I'd guess your best bet is to keep the temperature extra-stable, provide lots of water, and keep an eye on her still munching away, and hope she comes out of it. Good luck!


----------



## scout536 (Sep 13, 2011)

Hazel is not getting better :-( I am really worried about her. Now I wonder if the air conditioner, while cooling the room to just around 75 to 80 F, is causing her to not wake up and attempt hibernation? She will get up and walk around for about thirty seconds then crash again. She is cool to the touch. Should I try warming her up even though it was the extreme heat we have been having that caused her to start estivating? Should I give her a bath? She is not in the least interested in the delicacies I put before her, things she would usually wolf down in a heartbeat. She is getting so skinny, I don't want to lose her! All the info I can find on hedgehogs is about hibernation attempts, not estivation :-( Sharon


----------



## Nancy (Aug 22, 2008)

Air conditioned 75 may be too cool for her, especially when it was so hot before. Air conditioned always feels cooler at the same temperature as non a/c simply because it's a dry heat. Also a temperature variation of 5 degrees is enough to put some hedgehogs into hibernation. Most can handle it but some cannot so try and keep the temperature as close to consistent as you can. I'd also aim for about 80. 

Are you syringe feeding her? I know nothing about her breed of hedgehog nor estivation, but in our AP's if they don't eat, FLD starts. If you aren't already, I'd syringe feed her. 

Cool to the touch can also mean sick, not just hibernation so she may not really be trying to hibernate.

Are there any hedgehog rescues in that area that would know how to deal with an Egyptian long eared? 

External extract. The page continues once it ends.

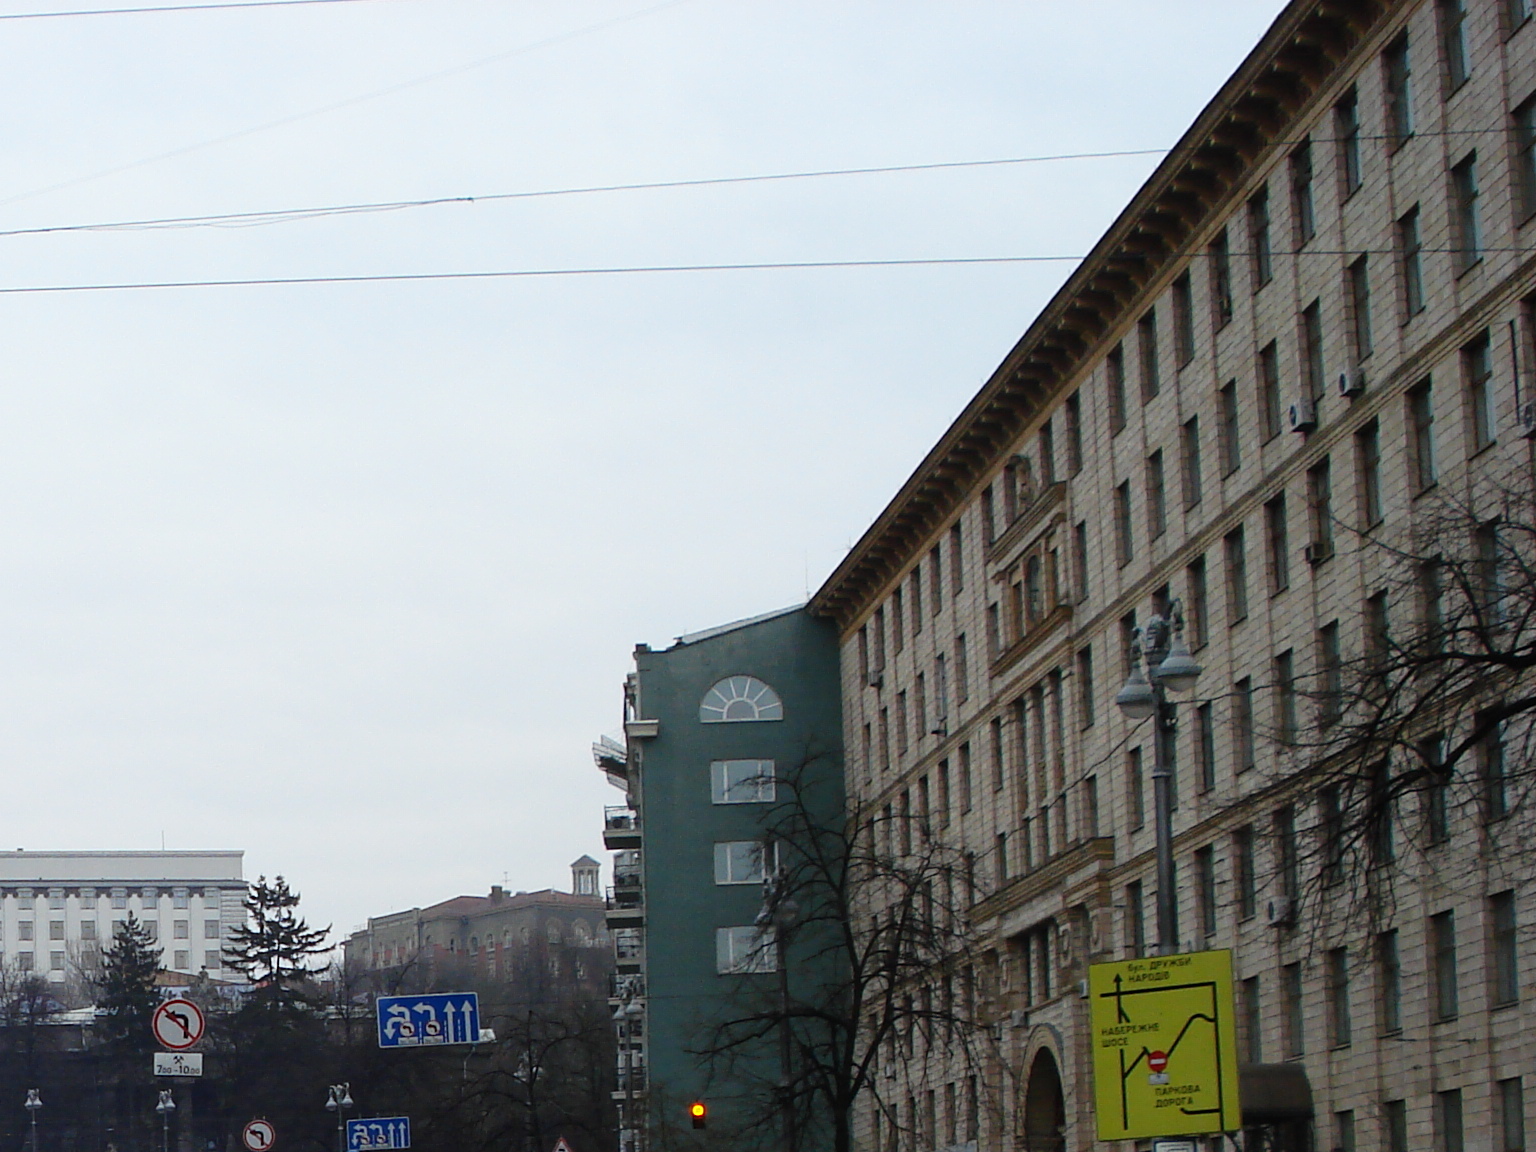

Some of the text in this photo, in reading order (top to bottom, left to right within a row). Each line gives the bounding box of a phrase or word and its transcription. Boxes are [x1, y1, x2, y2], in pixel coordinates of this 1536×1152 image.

She is such a doll. Sending lots of prayers and well wishes to Hazel and hugs to you both.


----------



## Lilysmommy (Jan 7, 2009)

Nancy's advice is the best, I just wanted to say I'm sorry she's not feeling better yet, and I'm sending good wishes over to you guys.


----------



## scout536 (Sep 13, 2011)

Hello all,
I am feeding her with a syringe now - water and then some puree spinach, peas and pear. She doesn't like it but she eventually licks it down. I noticed today she has a white film on both eyes - from keeping them half opened so much when she is in her dazed states?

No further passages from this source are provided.